Design of artificial metalloproteins/metalloenzymes by tuning noncovalent interactions

• Published in: Journal of biological inorganic chemistry Vol. 23; no. 1; pp. 7 - 25
• Main Authors: Hirota, Shun, Lin, Ying-Wu
• Format: Journal Article
• Language: English
• Published: Berlin/Heidelberg Springer Berlin Heidelberg 01.01.2018; Springer Nature B.V
• Subjects: Biochemistry; Biomedical and Life Sciences; Chemical bonds; Heme proteins; Hydrophobicity; Inorganic chemistry; Life Sciences; Microbiology; Minireview; Proteins; Reaction mechanisms; Special issue to celebrate the 80th birthday of Helmut Sigel; Hydrophobic interaction; Metalloenzyme; Metalloprotein; Protein design; Hydrogen bond
• ISSN: 0949-8257; 1432-1327; 1432-1327
• DOI: 10.1007/s00775-017-1506-8

Noncovalent weak interactions [hydrophobic interaction and hydrogen (H)-bond] play crucial roles in controlling the functions of biomolecules, and thus have been used to design artificial metalloproteins/metalloenzymes during the past few decades.
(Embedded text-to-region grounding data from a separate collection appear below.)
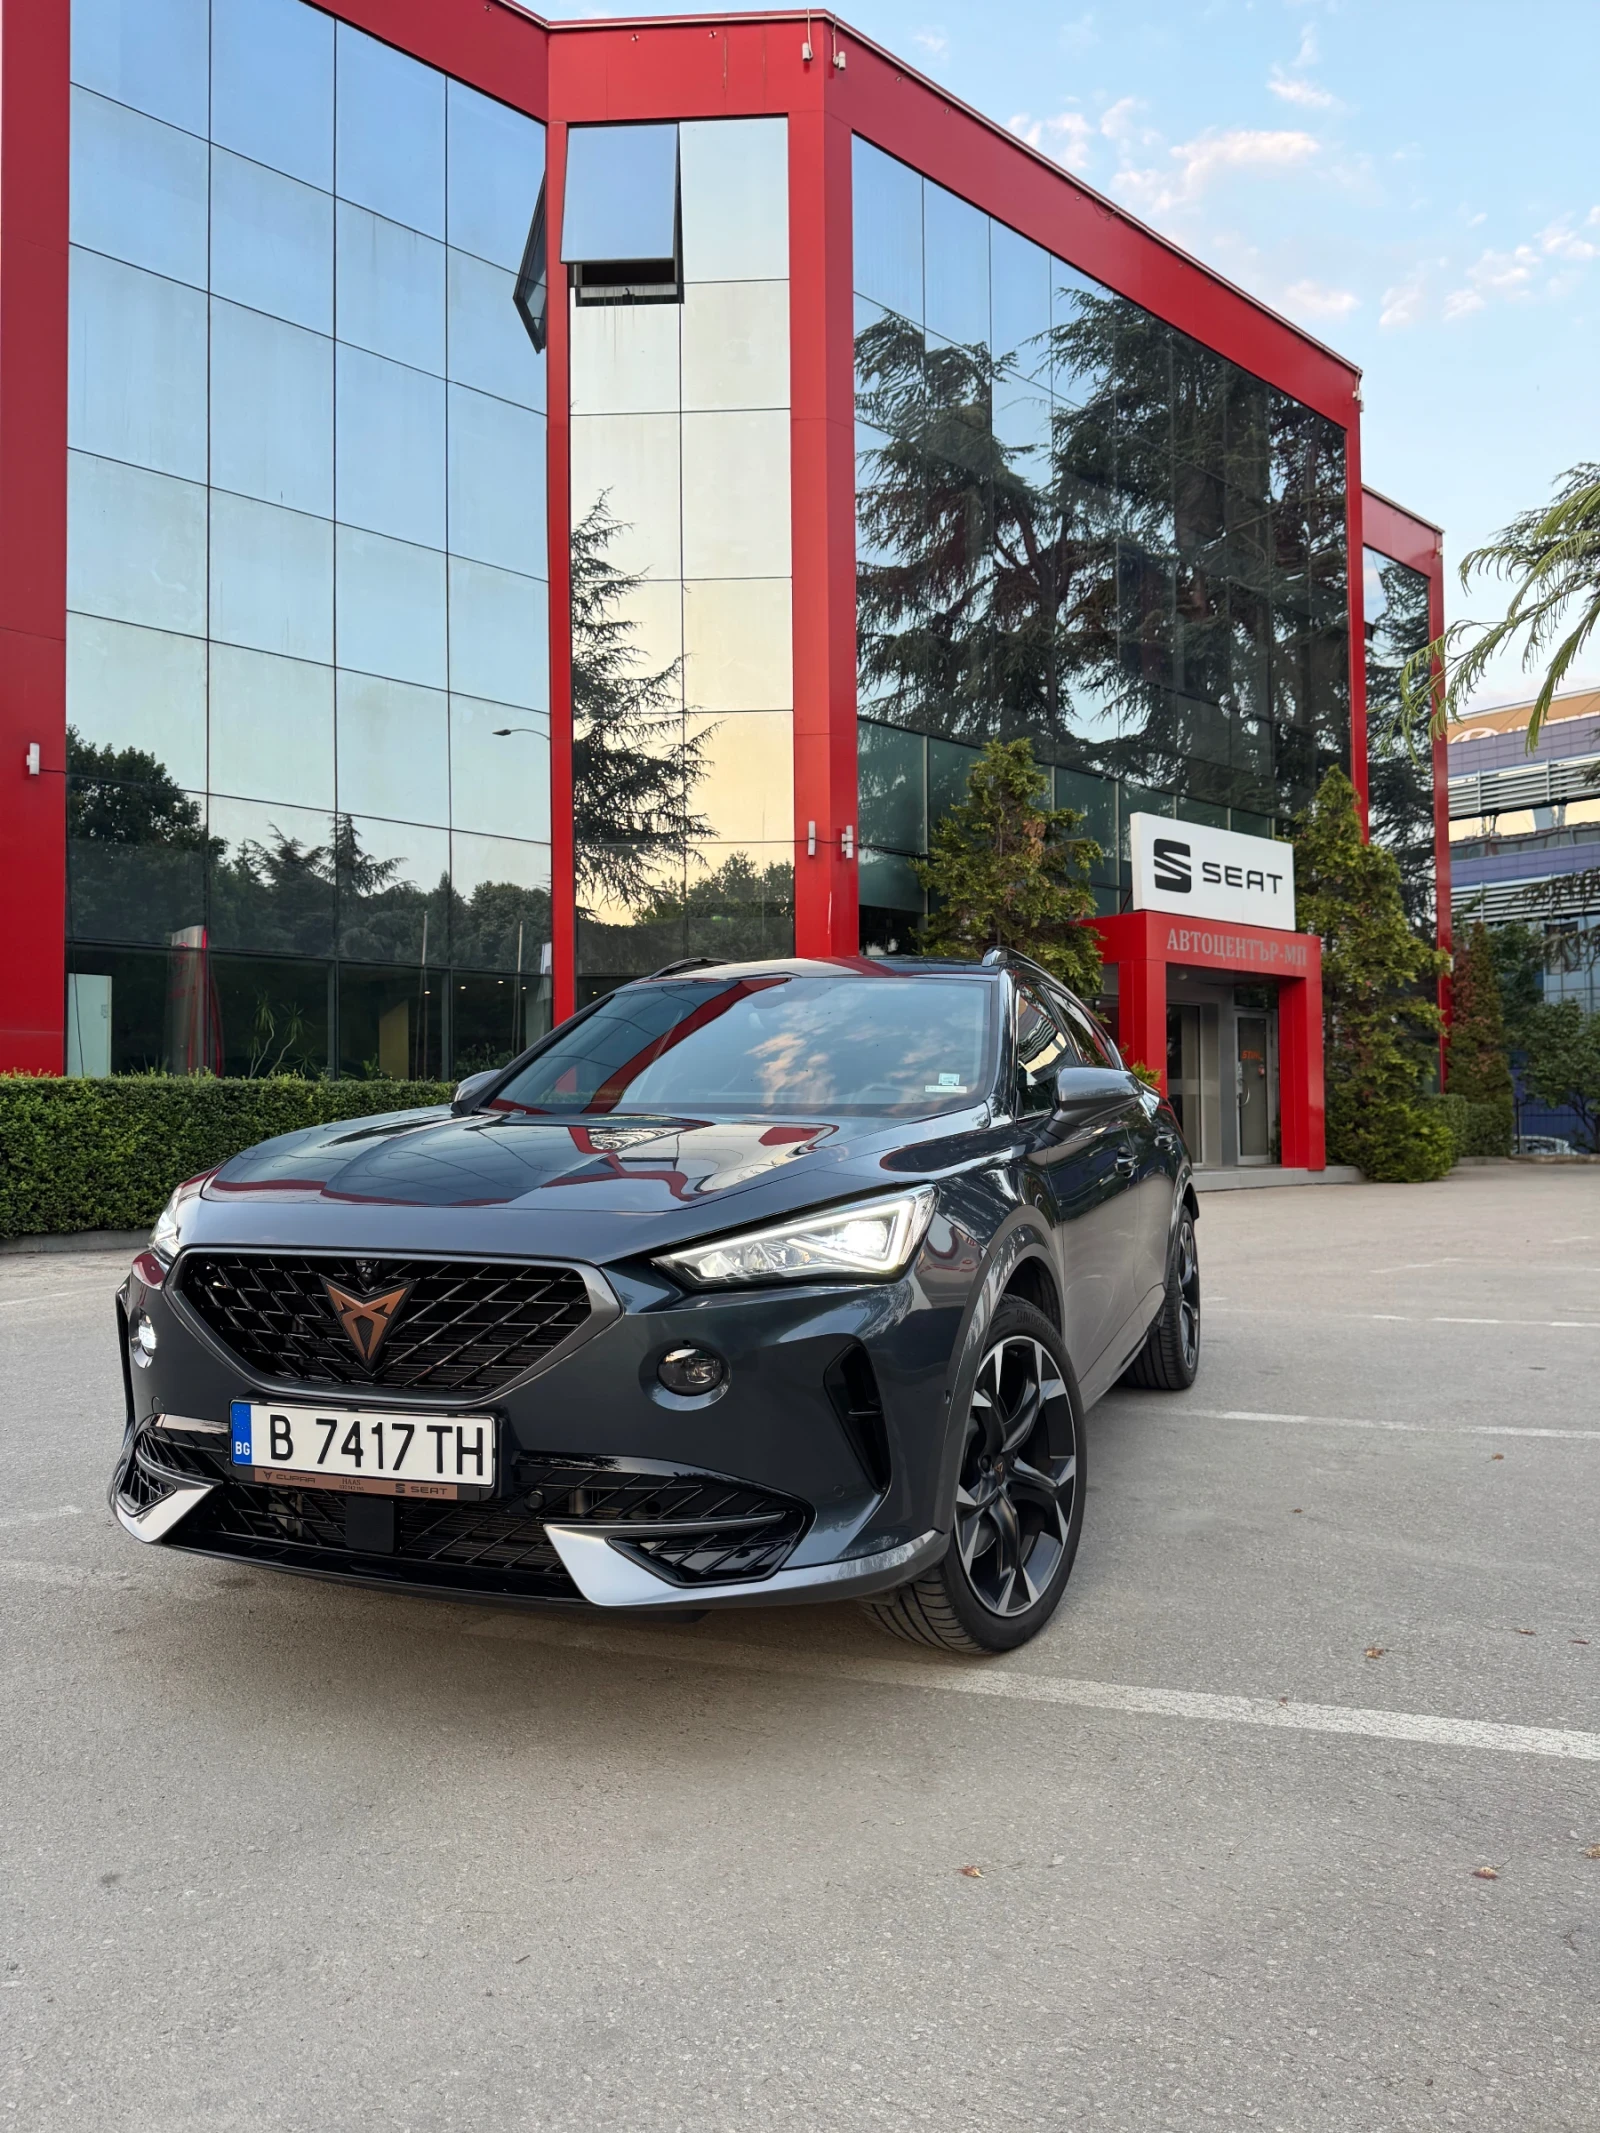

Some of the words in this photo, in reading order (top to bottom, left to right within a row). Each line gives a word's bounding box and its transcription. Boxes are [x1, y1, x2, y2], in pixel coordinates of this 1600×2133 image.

[1202, 861, 1283, 894] SEAT
[235, 1441, 251, 1456] BG
[269, 1413, 294, 1461] B
[315, 1417, 415, 1471] 7417
[426, 1424, 484, 1477] TH
[276, 1473, 316, 1484] CUPRA
[410, 1485, 448, 1496] SEAT
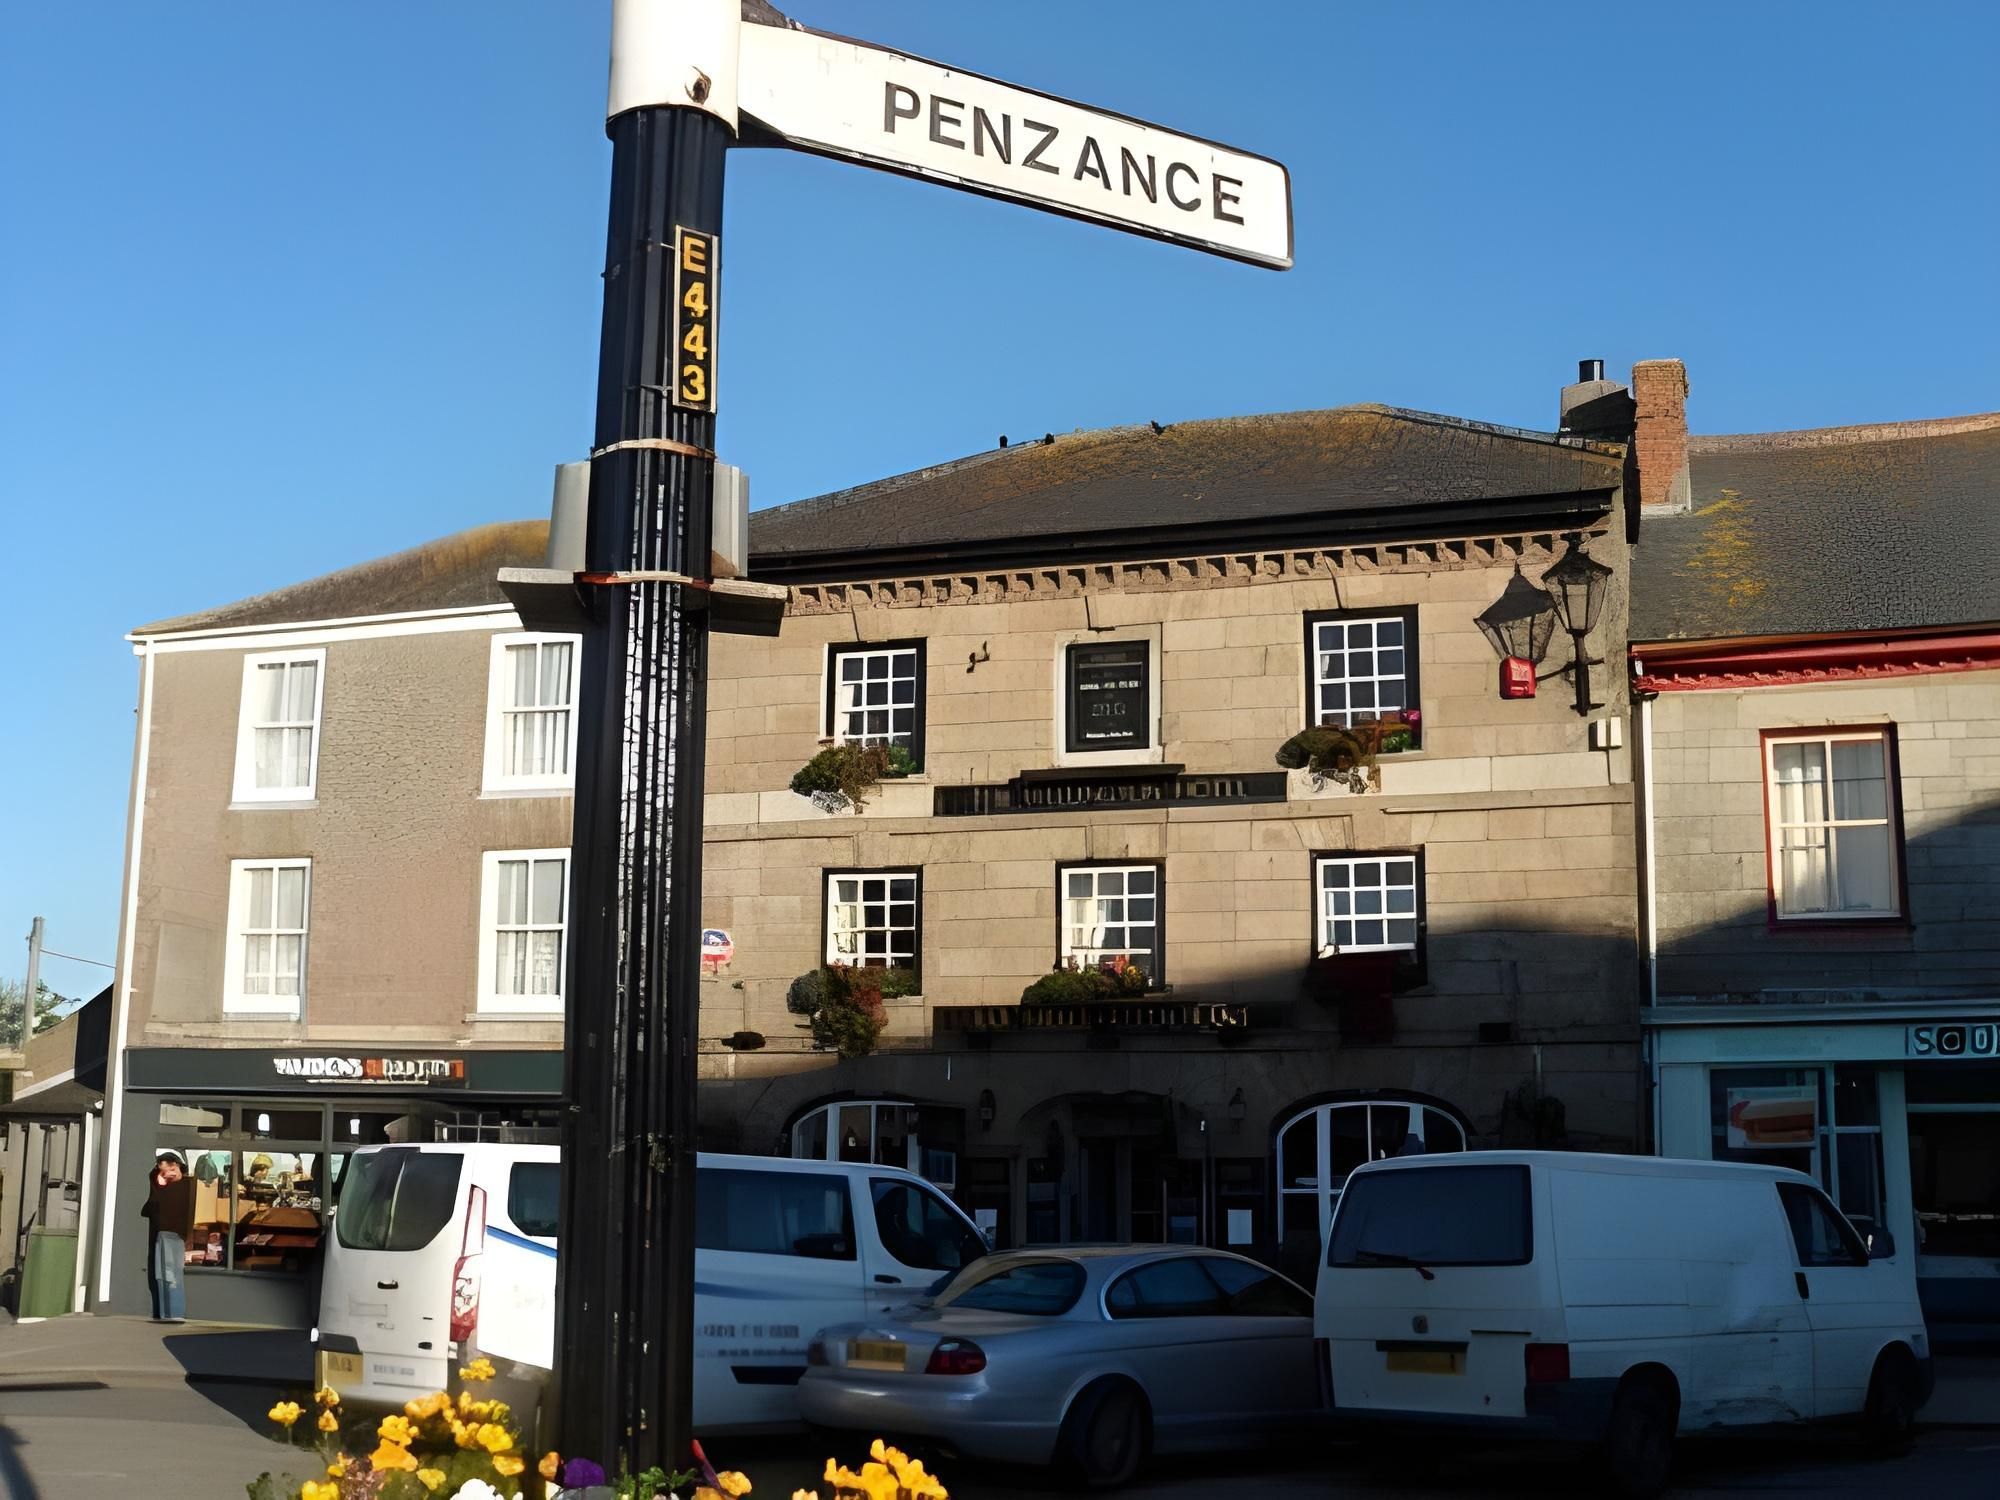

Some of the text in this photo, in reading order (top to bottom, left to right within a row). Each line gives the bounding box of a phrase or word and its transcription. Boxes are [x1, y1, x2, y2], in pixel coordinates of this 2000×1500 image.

[884, 81, 1245, 226] PENZANCE
[682, 235, 709, 402] E443
[1912, 1025, 2000, 1056] SOU
In this review, we focus on the recent progresses in protein design by tuning the noncovalent interactions, including hydrophobic and H-bonding interactions. The topics include redesign and reuse of the heme pocket and other protein scaffolds, design of the heme protein interface, and de novo design of metalloproteins. The informations not only give insights into the metalloenzyme reaction mechanisms but also provide new reactions for future applications.